El Hariri et al. [16] presented a good summary of soil shear strength measuring methods including translational shear box, shear vane test, triaxial compression test, and bevameter technique. Parameters obtained through these methods, to the extent that they are useful for traction modeling represent deformation in soil with tire mostly represented as rigid wheel.
Wheel sinkage is a key variable in estimating and predicting wheel–terrain interaction phenomena [17]. Depending on tire pressure setting, sinkage is due to both tire and soil deformation. If the soil medium is loose initial sinkage is dominated by soil deformation. As soil becomes firm both tire and soil deform. Tire deformation that occurs after penetration into the soil will exert lateral forces on the walls of rut formed. Elongation and lateral bulge of the tire increases available shear surface area for traction. Consequently, sinkage and the coupled lateral and longitudinal tire and soil distortion become key factors/variables in traction modeling.
Gee-Clough [12] and others articulate the following persistent questions:
Can quasi-static analysis ever give reasonable prediction of off-road vehicle performance even for slow-moving vehicles such as agricultural tractors?
Which soil properties should be used in terramechanics analyses and how these be measured?
While significant computational advances and incremental improvements in model parameter identification and estimation have been made over the past several decades, there are no indications in the published literature that these questions have been fully addressed. This paper attempts to address these questions and presents a different method for identification and estimation of parameter(s) that explicitly incorporate tire–soil interface geometry, soil water content, and slip. Soil moisture is affected by porosity, permeability, compaction, and bulk density and therefore has a dominant influence on the contact geometry and slip. The existence of solid particles with various shapes and sizes and the complex pore fabric formed among adjacent particles control the interaction between solid particles [18]. Due to the differences in shapes and sizes of the air–water–solid interface, pockets of air and water may exist. The discontinuities between the air and water pockets add to the variability in the intergranular friction and alignment of the soil particles under tire load.
He et al. presented a comprehensive literature review conducted on the parameterization of terramechanics models [19]. Their work summarizes evolution of terramechanics research since the 1960s discussing limitations and incremental improvements achieved over the years.
Maclaurin [20] pointed to the difficulty in developing reasonably accurate traction models for pneumatic tires in soft soils and that researchers frequently resort to empirically based methods for vehicle–tire design and performance assessment. Maclaurin [20] used empirical “mobility numbers” based on dimensional analysis methods developed in the 1960s [21].

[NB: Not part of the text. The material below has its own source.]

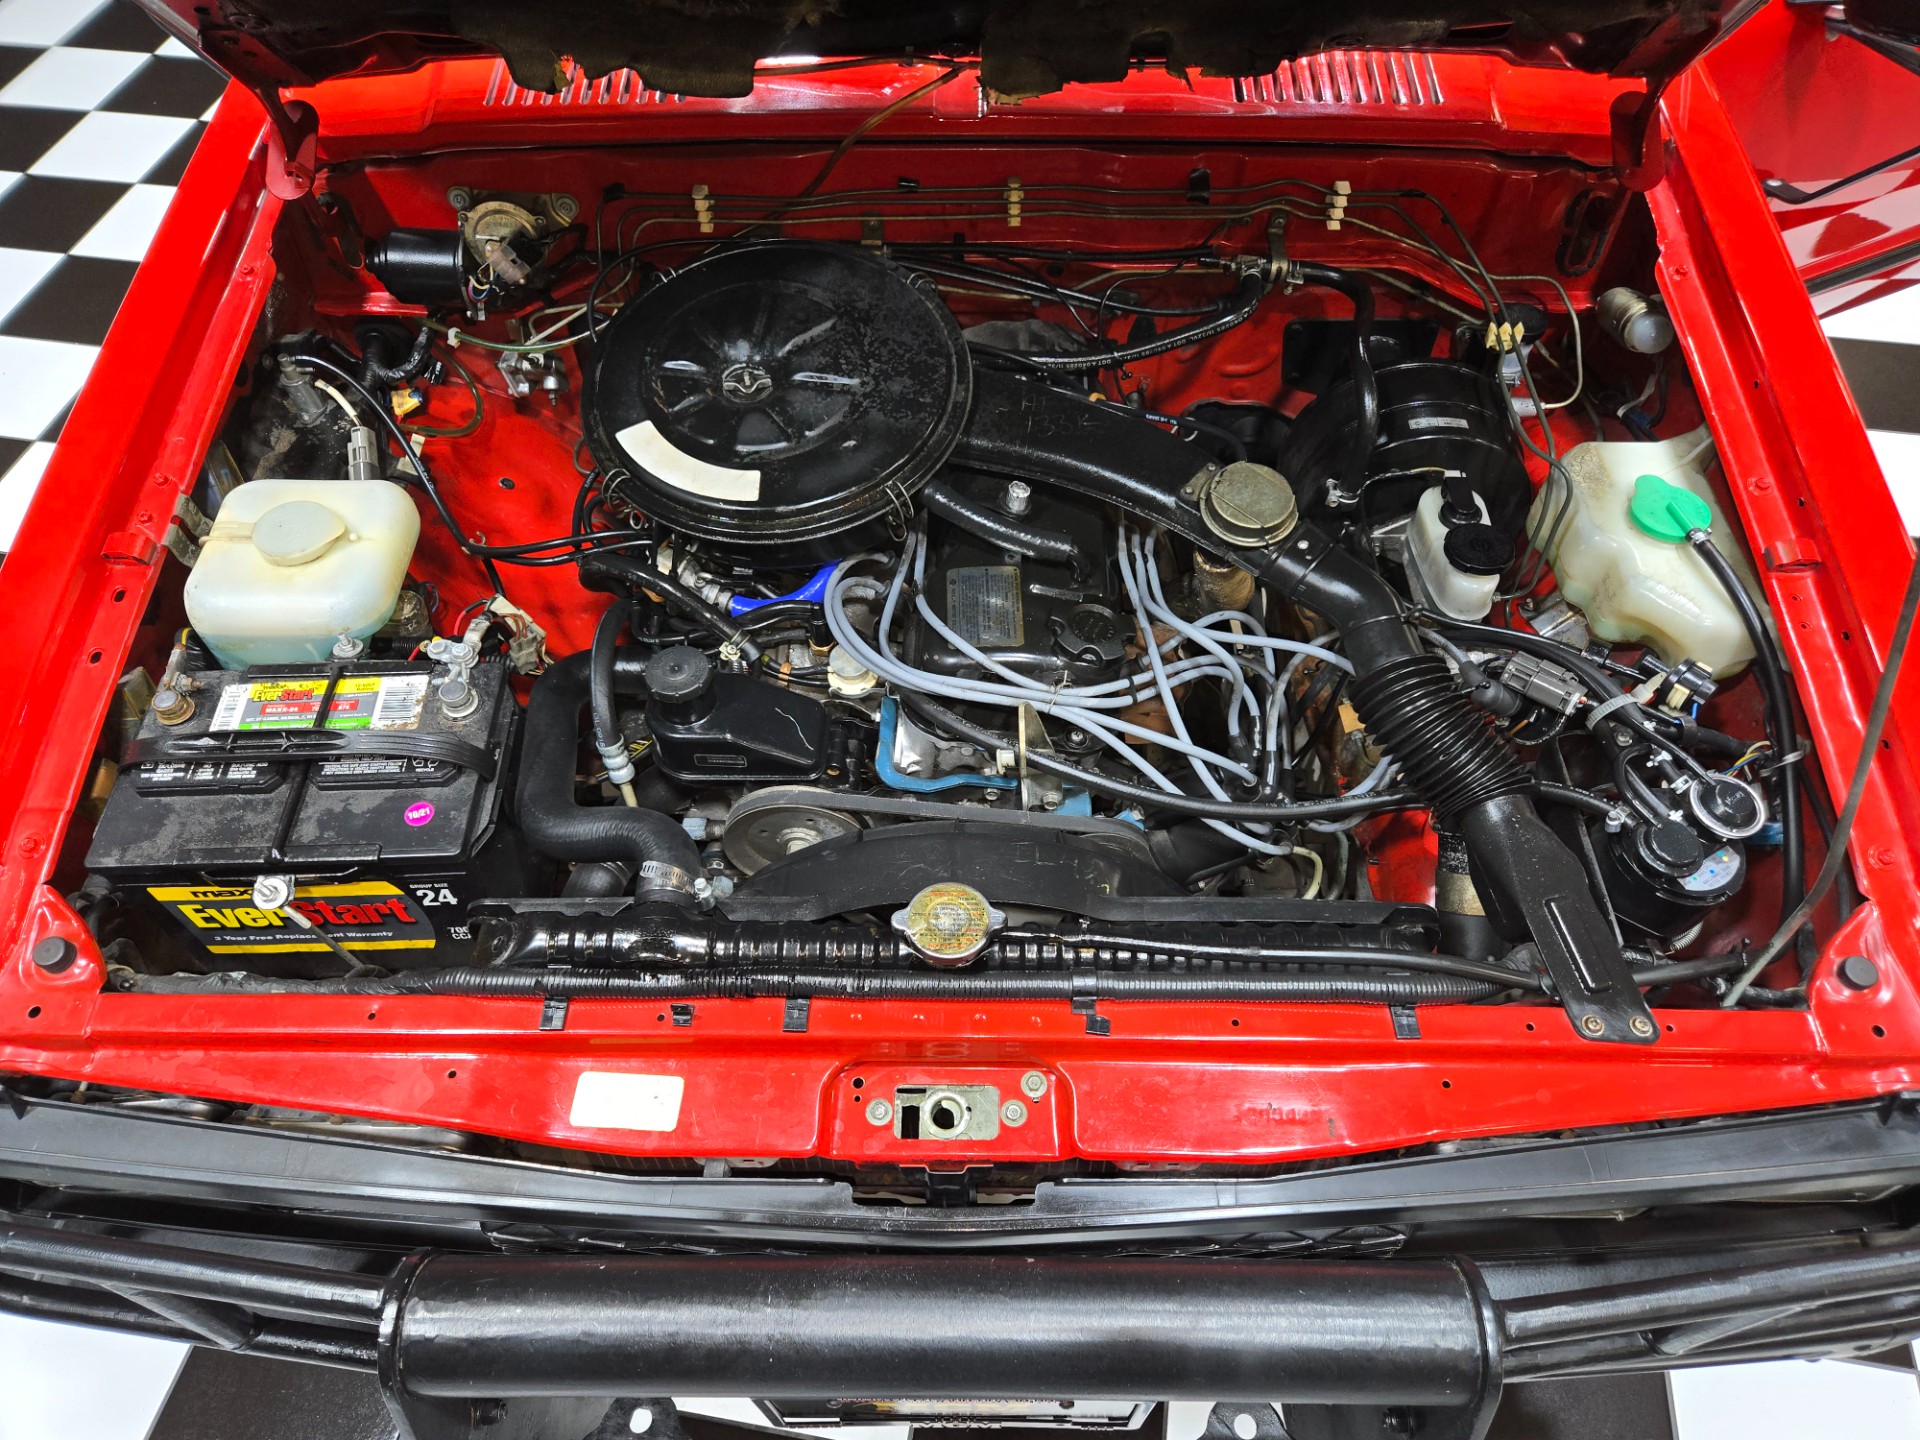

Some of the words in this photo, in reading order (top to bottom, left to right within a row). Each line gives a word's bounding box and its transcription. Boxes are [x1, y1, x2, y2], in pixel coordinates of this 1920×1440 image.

Lopez-Arreguin and Montenegro [22] reported a concise survey of existing methodologies for detecting wheel forces and torque, slip-sinkage, and what they refer to as soil strength constants. Although their work is focused on investigating machine learning in planetary rovers, they present a good classical terramechanics overview in their paper. Empirical and semi-empirical models are predominant in traction modeling. The viability of the discrete element method and finite element method is yet to be proven. The high computational cost and convergence problems are difficulties that have not yet been overcome [23].
The basic contributions to soil strength are frictional resistance between soil particles in contact and interface kinematic constraints of soil particles associated with changes in the soil fabric [24]. Depending on the liquidity of the soil, the friction between soil particles can be significantly reduced. When large, rapid deformation/detachment of soil occurs, the contribution of cohesion to resist the shear force applied by rotating tire is substantially reduced or is negligible.
The aim of this paper is to address the unscalability of parameters and model assumptions that do not take tire deformation and large soil displacement/detachment into account in traction models by proposing a different paradigm to obtain model parameters.
2 Parameter Identification
The assumption of rigid wheel interaction with soil in traction models is getting more and more divergent from practice as tire pressure management systems are used increasingly to adjust tire compliance to terrain conditions to serve as part of spring damper suspension system and for better flotation. Flotation results from the increases in contact surface area and less digging of the tire into the soil.
Parameter identification methodology presented here makes use of observations of compliance in tire–soil interaction, soil mechanics principles, and mathematical formulations to develop functional relationships of variables influencing traction.
During driving, as slip increases with an increase in angular velocity of the wheel, this can cause vibrations of the bulk soil and loosen the soil material and reduce its strength. This occurs largely because more rapidly spinning wheels remove material from behind the wheel, which reduces the pressure in the rear zone, thereby weakening the base of material against which the wheel pushes and otherwise provide added thrust [25].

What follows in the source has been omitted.